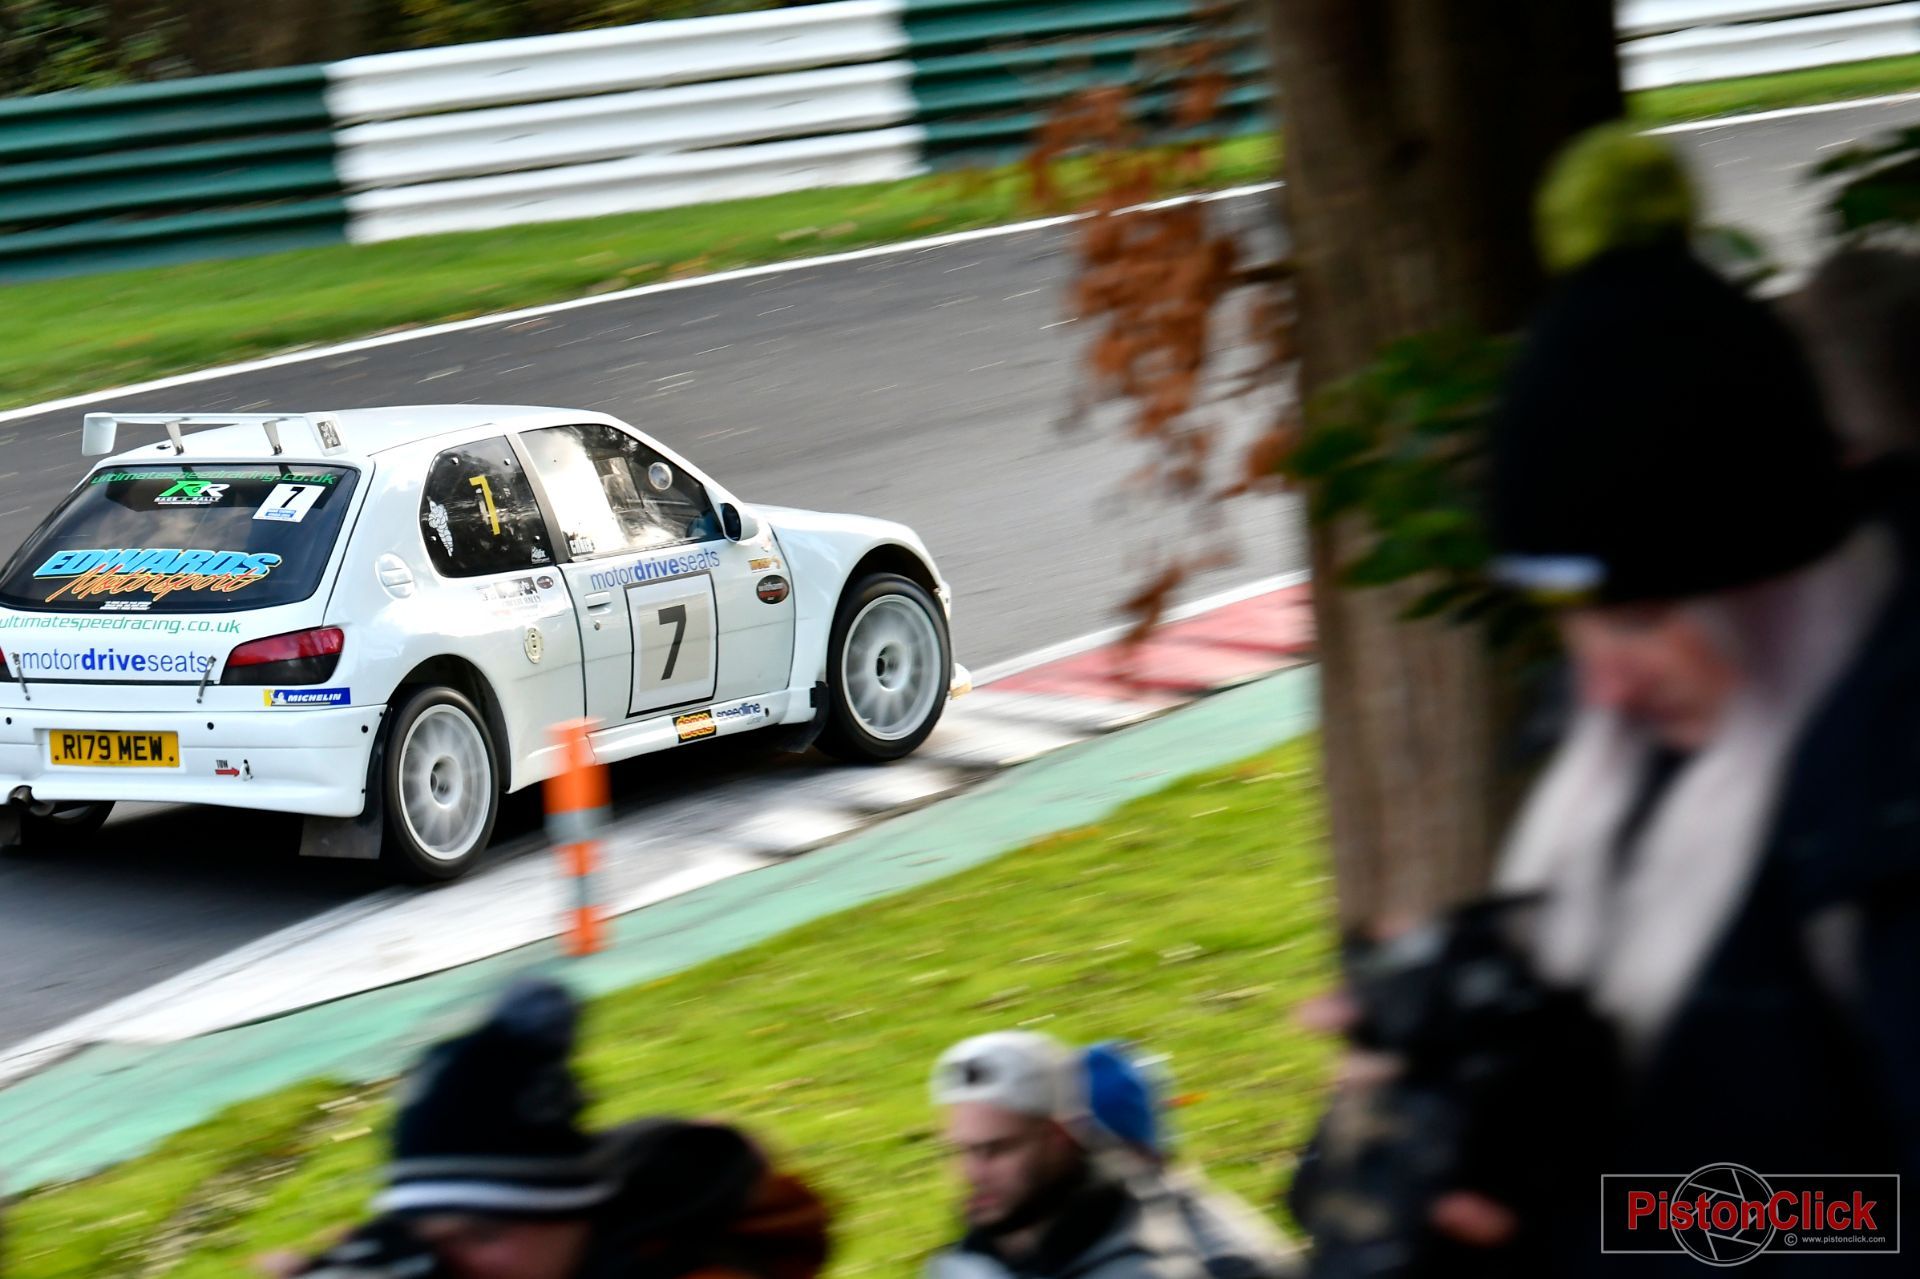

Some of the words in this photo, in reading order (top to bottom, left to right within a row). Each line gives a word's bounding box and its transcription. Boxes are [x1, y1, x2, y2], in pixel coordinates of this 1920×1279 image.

[91, 470, 337, 485] ultimatespeedracing.co.uk
[280, 486, 306, 509] 7
[33, 549, 283, 579] EDWARDS
[590, 548, 720, 591] motordriveseats
[45, 562, 255, 603] Motorsport
[0, 614, 242, 634] ultimatespeedracing.co.uk
[658, 604, 687, 681] 7
[22, 647, 210, 673] motordriveseats
[287, 692, 342, 703] MICHELIN
[62, 734, 111, 760] R179
[117, 735, 163, 761] MEW
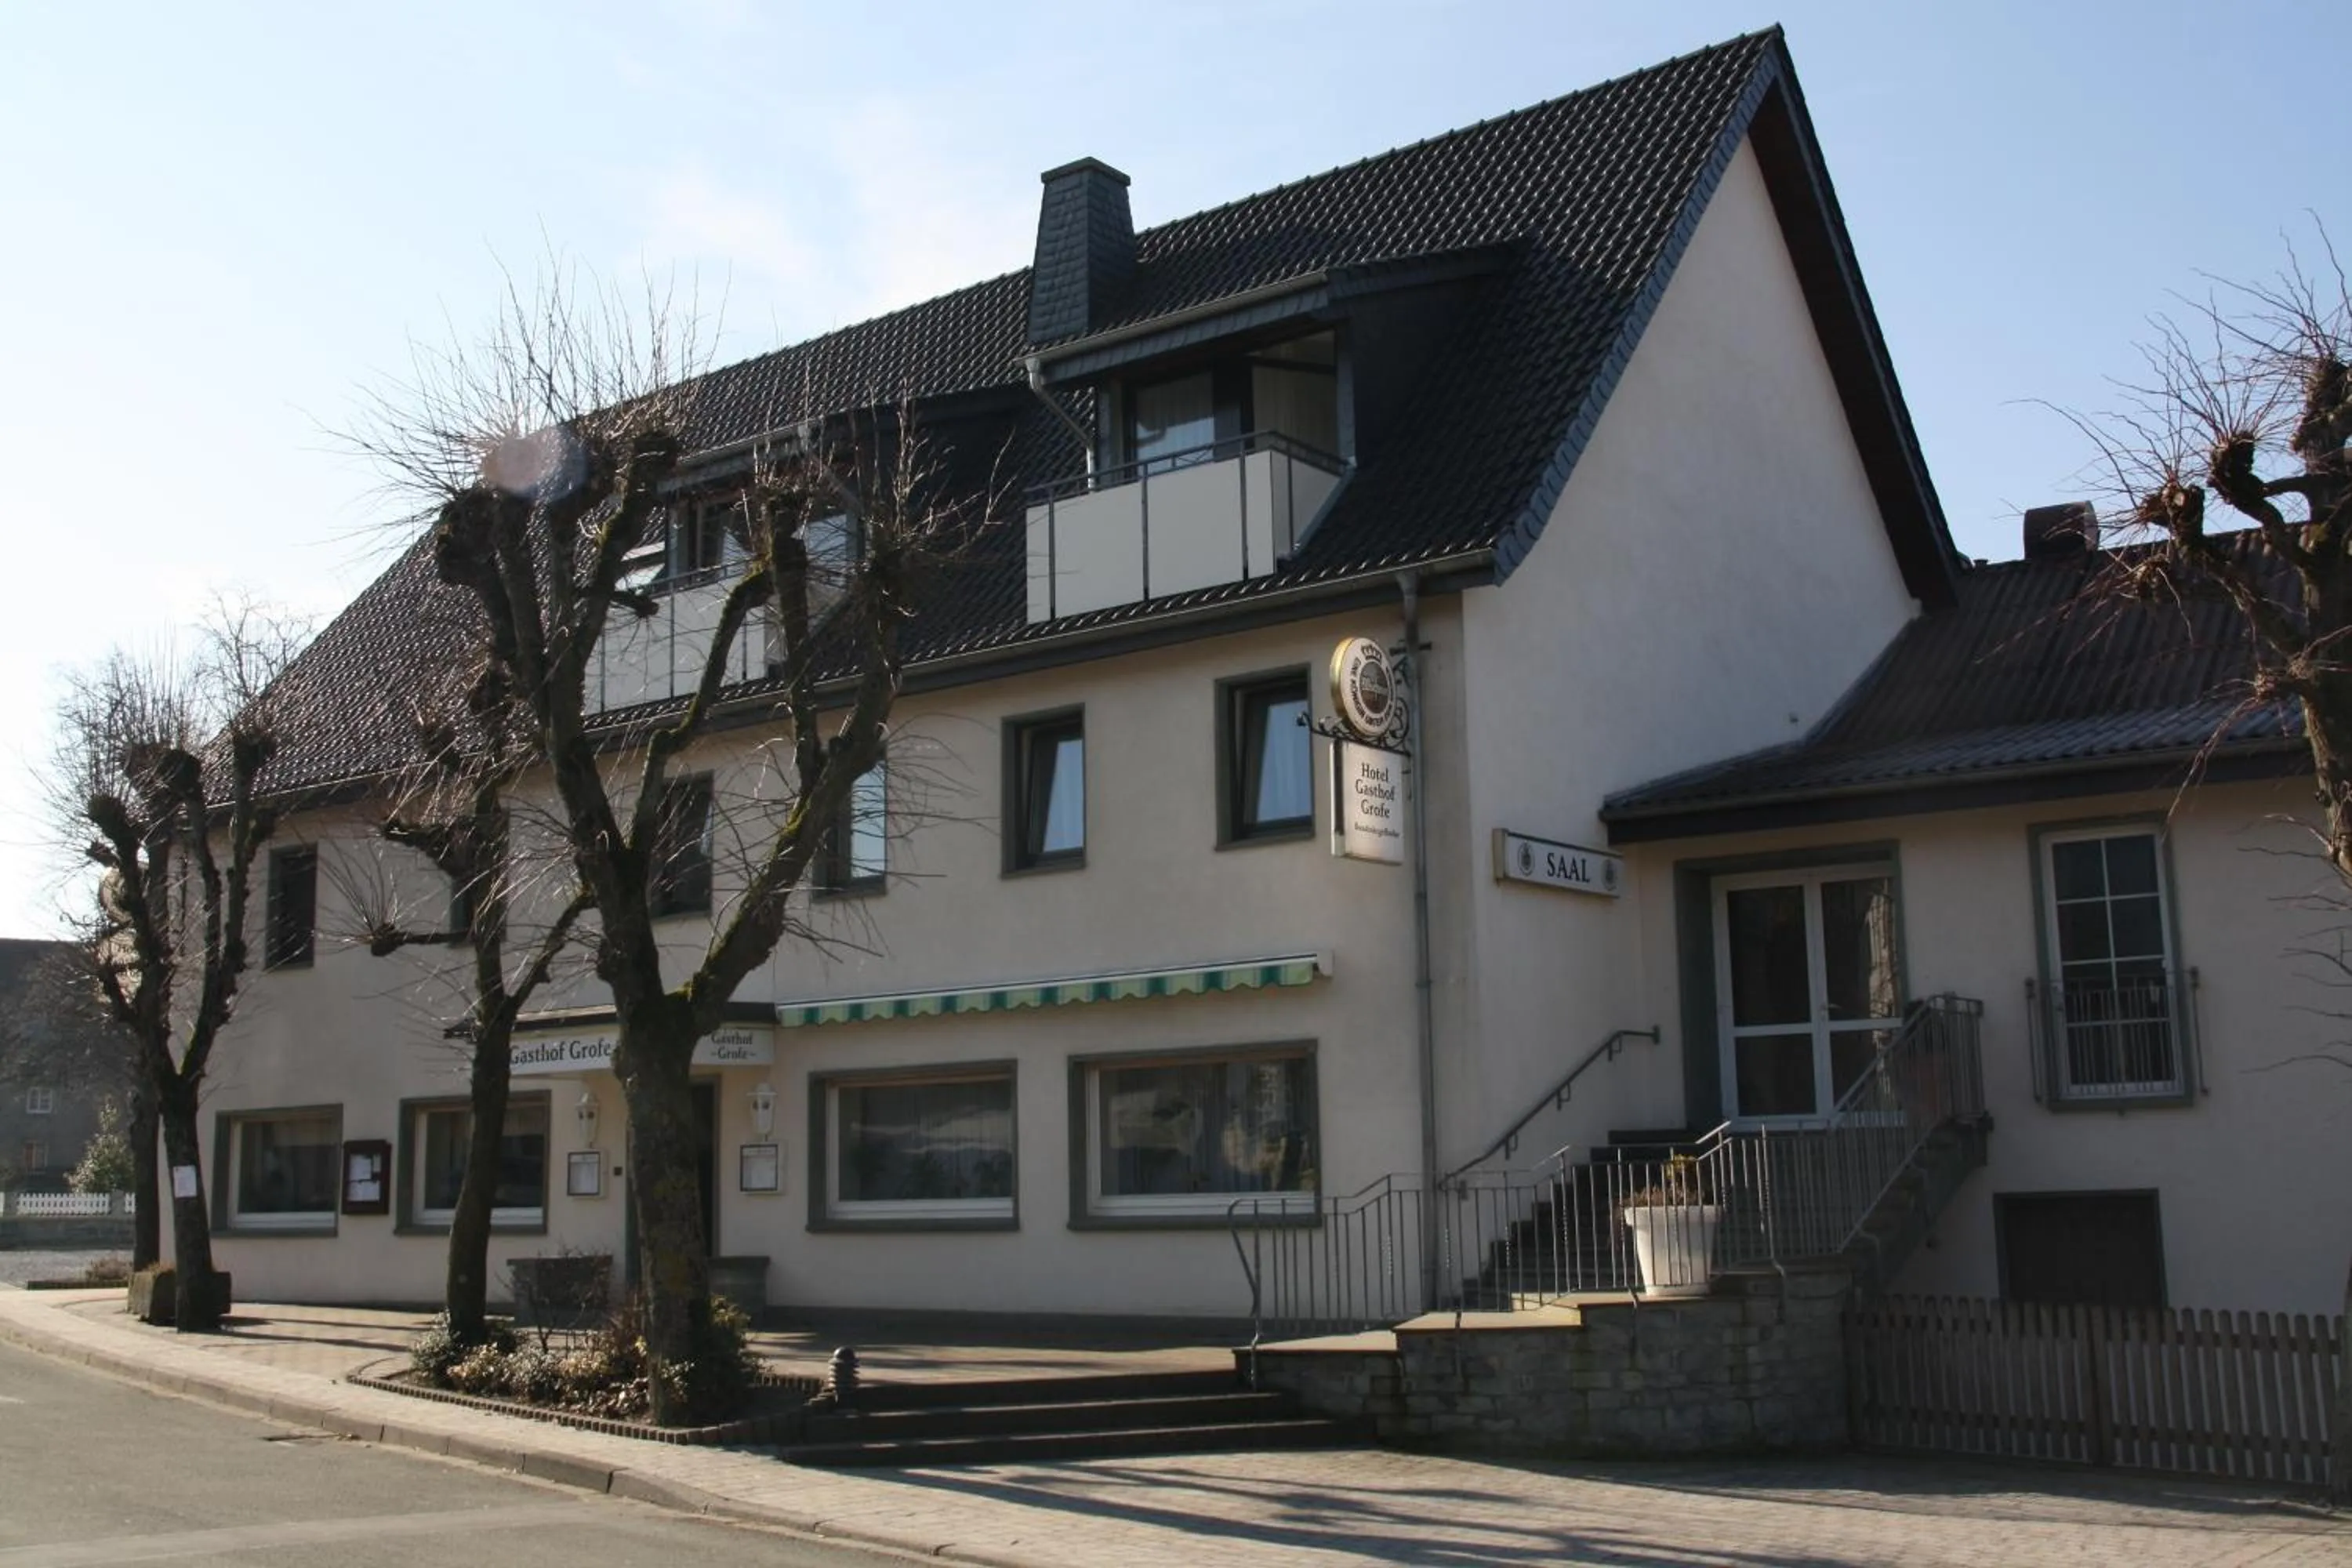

######

### [What you should do]
Everything in the records except the pictures should be retyped exactly.

### [Your response]
Some of the words in this photo, in reading order (top to bottom, left to right within a row). Each line gives a word's bounding box and its transcription. Boxes are [x1, y1, x2, y2], in pixel coordinates of this 1920×1279 image.

[91, 470, 337, 485] ultimatespeedracing.co.uk
[280, 486, 306, 509] 7
[33, 549, 283, 579] EDWARDS
[590, 548, 720, 591] motordriveseats
[45, 562, 255, 603] Motorsport
[0, 614, 242, 634] ultimatespeedracing.co.uk
[658, 604, 687, 681] 7
[22, 647, 210, 673] motordriveseats
[287, 692, 342, 703] MICHELIN
[62, 734, 111, 760] R179
[117, 735, 163, 761] MEW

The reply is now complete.